Nesprin-2 and its paralog Nesprin-1 are subunits of LINC complexes that are essential for brain development. To position the nucleus for neuronal migration, Nesprin-2 interacts with the motors kinesin-1 and dynein, which are recruited by the adapter Bicaudal D2 (BicD2), but the molecular details of these interactions are elusive. Here, structural models of minimal Nesprin-2/BicD2 complexes with 1:2 and 2:2 stoichiometry were predicted using AlphaFold and experimentally validated by mutagenesis, binding assays and single-molecule biophysical studies. The core of the binding site is formed by spectrin repeats of Nesprin-2, which form an alpha-helical bundle with BicD2 that is structurally distinct from the Rab6/BicD2 and Nup358/BicD2 complexes. Such structural differences could fine tune motility of associated dynein and kinesin-1 motors for these transport pathways. Furthermore, the Nesprin-2 fragment interacts with full-length BicD2 and activates dynein/dynactin/BicD2 complexes for processive motility, suggesting that no additional components are required to reconstitute this transport pathway.
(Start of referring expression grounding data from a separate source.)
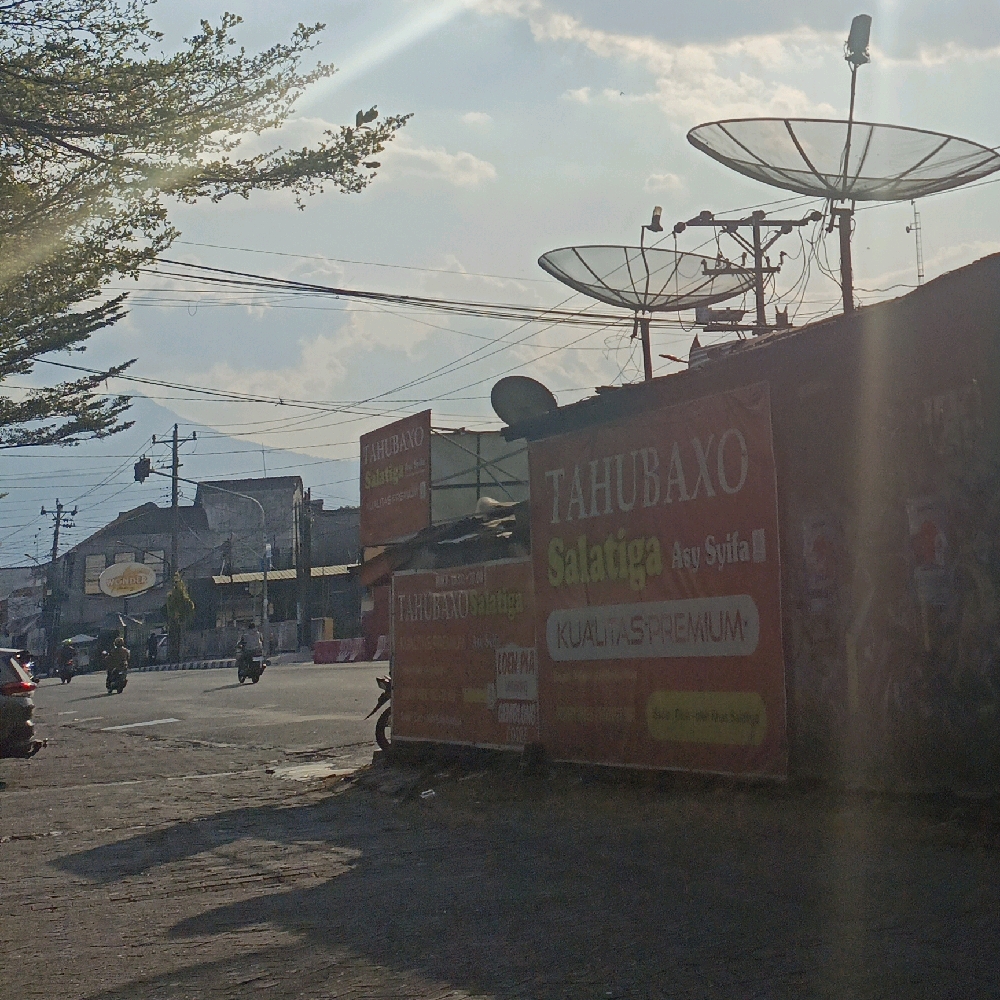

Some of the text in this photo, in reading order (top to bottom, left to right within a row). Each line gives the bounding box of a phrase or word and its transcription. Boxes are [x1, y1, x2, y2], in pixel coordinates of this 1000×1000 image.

[363, 426, 425, 465] TAHUBAXO
[364, 463, 404, 489] Salatiga
[545, 428, 749, 524] TAHUBAXO
[548, 527, 751, 591] Salatiga Asy Syifa
[398, 588, 524, 621] TAHUBAXO Salatiga
[556, 608, 745, 650] KUALITAS PREMIUM
Interestingly, either one or two Nesprin-2 molecules can bind to a BicD2 dimer and activate BicD2/dynein/dynactin complexes for processive motion, resulting in similar speed and run lengths. The BicD2/dynein-binding site is spatially close but does not overlap with the kinesin-1 recruitment site, thus both motors may interact with Nesprin-2 simultaneously. Several mutations of Nesprin-1 and 2 that cause Emery-Dreifuss muscular dystrophy are found in the motor-recruiting domain and may alter interactions with kinesin-1 and BicD2/dynein, consistent with the abnormally positioned nuclei found in patients with this disease.